楚煦眨巴著大眼睛撒嬌,想討著下次一起睡的福利。他現在詞彙量多了許多,雖然奶聲奶氣的,但是口齒清晰,發聲分明,見者無不稱讚他幼兒岐嶷,聰明靈慧。
範雪瑤笑的眉眼彎成月牙兒,揉了揉小家夥的腦袋。
看到年幼的兒子,生得眉清目秀,齒白唇紅,並且資性聰明,楚楠心中很是喜愛。少不得有幾分溺愛之情,隻是不善於表達,又因為是第一個兒子,更存了幾分重視,輕易不肯表露出疼愛來。
範雪瑤知道他年輕,而且身份極尊貴,雖然有兩個女兒,但是並不養在身邊,又有宮規禮儀約束著,相處很少,所以其實沒多少身為父親的自覺和認知。
這大概是他初次作為父親和孩子相處,生疏是難免的。
所以範雪瑤便佯裝不知情的樣子,不露痕跡的引著他們父子親近。像是現在,一桌兒吃飯的時候,範雪瑤就把兒子的位置安放在兩人之間,引導楚楠關注兒子的需求。
一開始楚楠看到範雪瑤自己不吃,隻顧著喂楚煦,他隻會說出讓乳娘來服侍的話。而現在呢?
楚煦坐在兩人之間的小椅子上,慢吞吞的扒著煮得軟軟的米飯。
範雪瑤捧著一碗蔬菜雞湯米粥正吃著,就看見楚楠盛了半碗熱燙的蛋羹,卻不是自己吃,而是傾倒進楚煦的飯碗裡,用筷子仔細的拌了拌,讓蛋羹和米飯充分混合。
這是擔心楚煦吃的慢,碗裡的飯放涼了,他吃了胃不舒服。
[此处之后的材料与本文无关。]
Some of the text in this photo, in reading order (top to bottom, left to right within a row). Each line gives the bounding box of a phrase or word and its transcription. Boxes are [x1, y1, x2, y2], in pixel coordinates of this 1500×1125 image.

所以才用熱乎乎的蛋羹拌一拌。從前他根本不知道有這麼回事,更彆談會做這樣體貼的事了。
楚煦低頭看到自己的碗裡一下子滿了,鼓著臉頰委屈地說:“我,我吃不完了。”他都吃了一半了,快要吃飽了的……
楚楠頭也不抬地說:“吃不完就剩著。”
楚煦卻擰著秀氣的眉頭,粉團子小臉蛋上露出不讚成的表情:“不行。”
“為什麼不行?”
見兒子斬釘截鐵地拒絕,楚楠不僅沒有感到不高興,反而很好奇他說不行的理由。這麼小的孩子,難道不是大人說什麼就是什麼,竟然還知道說不行,真有意思。
楚煦擰著眉頭皺著小臉,喁喁道:“因為、因為——”磕磕絆絆了半天,就是表達不明白,最後他急了,乾脆把手指向範雪瑤,理直氣壯地說道:“娘說的!”
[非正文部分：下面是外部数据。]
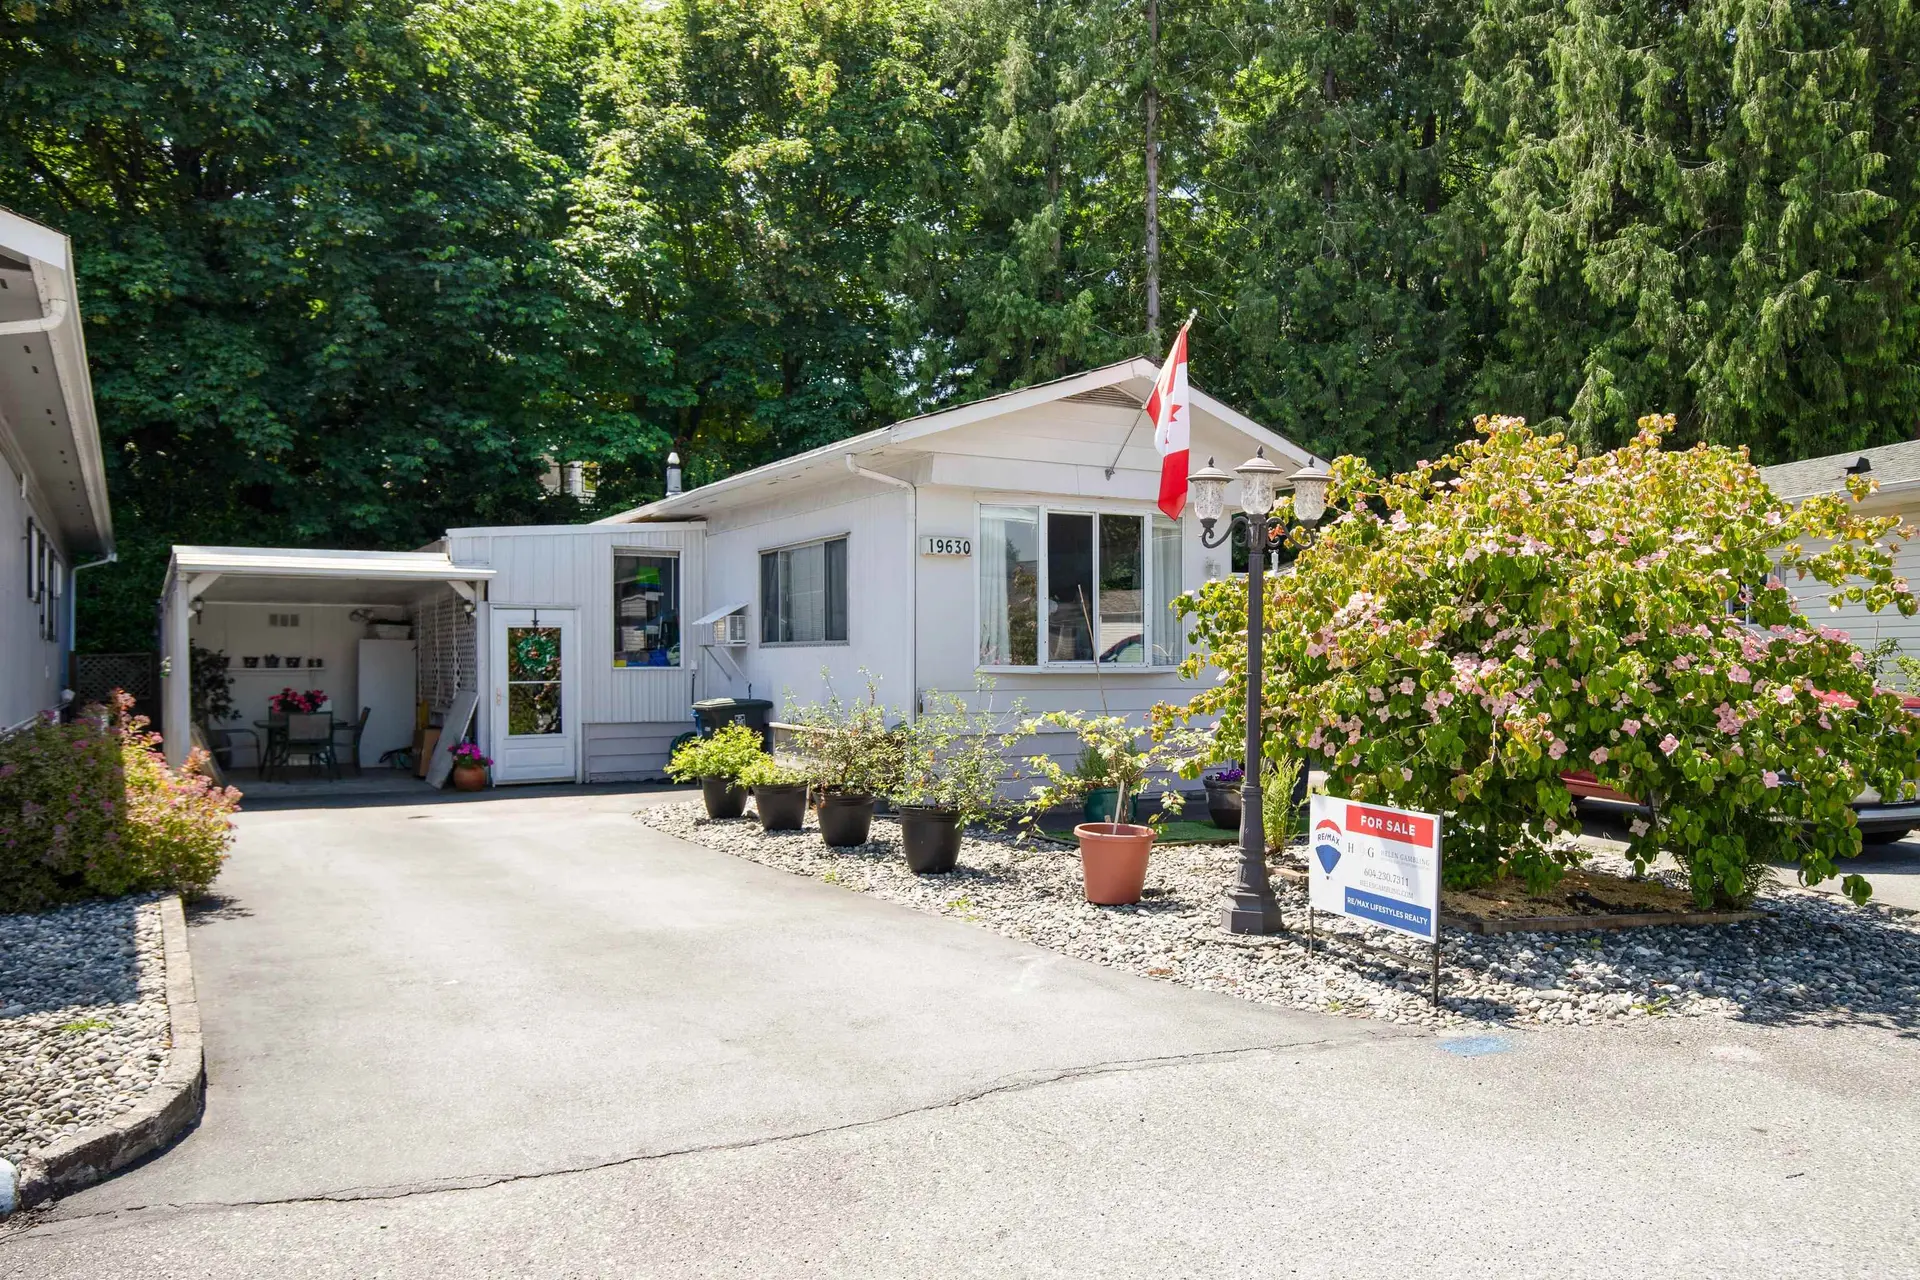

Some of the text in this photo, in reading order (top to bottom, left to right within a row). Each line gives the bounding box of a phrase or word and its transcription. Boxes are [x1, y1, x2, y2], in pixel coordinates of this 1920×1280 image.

[929, 538, 971, 555] 19630
[1360, 815, 1416, 836] FOR SALE
[1317, 833, 1340, 845] RE/MAX
[1367, 846, 1374, 858] G
[1363, 867, 1409, 887] 604.230.7311
[1347, 896, 1428, 926] RE/MAX LIFESTYLES REALTY
“以前我跟他說過,人一生可吃的食物是有限的,如果今天浪費糟踐了,將來就要挨餓,所以要珍惜糧食。”
範雪瑤接過話,對楚楠簡單的解釋了一遍,末了笑道:“這孩子那時候有點愛分心,吃著飯就玩兒去了,把飯放的涼冰冰的沒法吃。這孩子吃的臟臟的,隻能傾倒了。我看著糟踐了,太可惜,才這樣告訴他。沒想到後來這孩子就改過來了。”
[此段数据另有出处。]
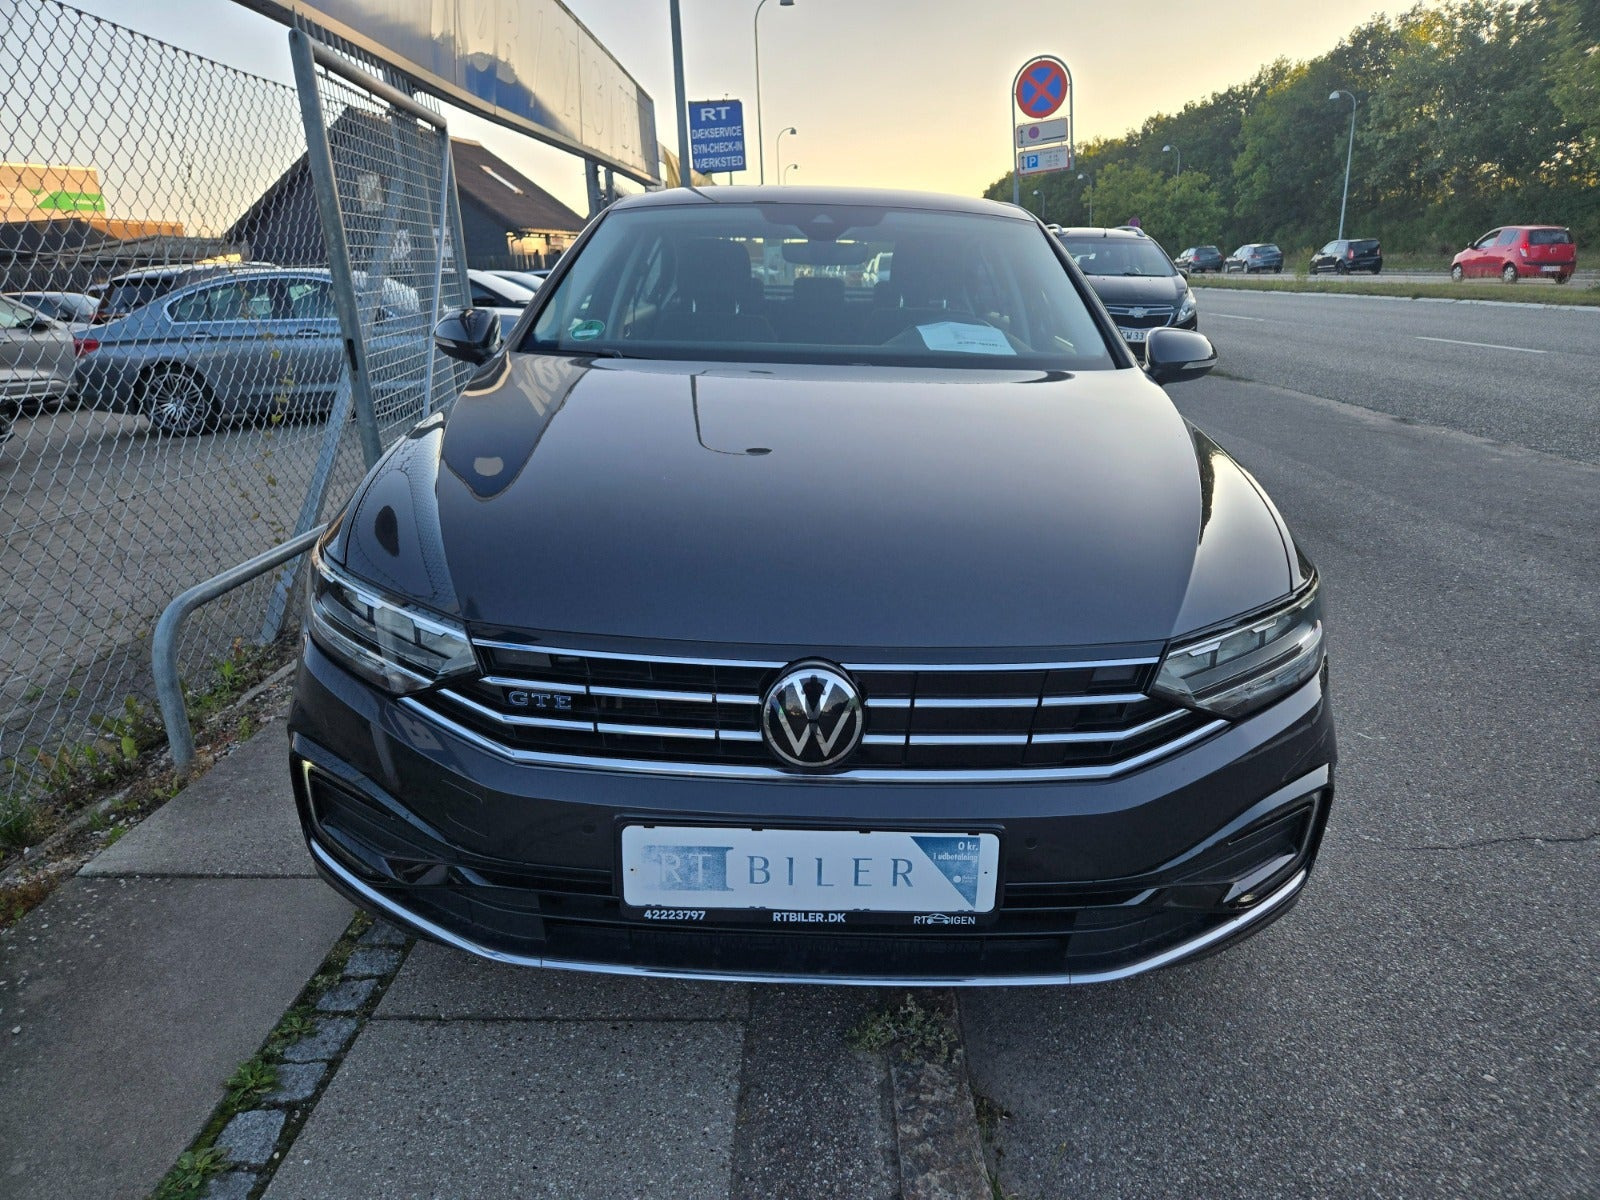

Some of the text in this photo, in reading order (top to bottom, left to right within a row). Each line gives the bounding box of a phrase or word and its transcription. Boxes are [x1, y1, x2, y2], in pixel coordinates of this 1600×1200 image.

[700, 106, 731, 121] RT
[692, 126, 742, 140] DÆKSERVICE
[693, 141, 743, 155] SYN-CHECK-IN
[694, 156, 744, 169] VÆRKSTED
[1029, 156, 1037, 167] P
[508, 690, 572, 710] GTE
[765, 670, 862, 767] VW
[957, 841, 979, 851] 0 kr.
[660, 852, 914, 887] RT BILER
[643, 909, 706, 921] 42223797
[772, 911, 846, 923] RTBILER.DK
楚楠聽說了這麼回事,不由有些驚奇。既歡喜楚煦的聰敏,這樣小的孩子,竟然就一教便領悟了,還立即便改了,是怎樣的靈慧。又感到範雪瑤這份省儉惜福的想法很是可敬可愛,不由眉歡眼笑,點頭讚揚楚煦。
範雪瑤看看埋頭苦吃的兒子,滿不在意的說道:“這孩子哪值當官家這樣稱讚?”
楚楠搖頭道:“旭兒尚不滿兩歲,靈智未開。前日的事,後日便能忘。我少年時還不知道珍惜物事,他這樣的年紀,能夠做到這樣,便已經是很了不起的了。”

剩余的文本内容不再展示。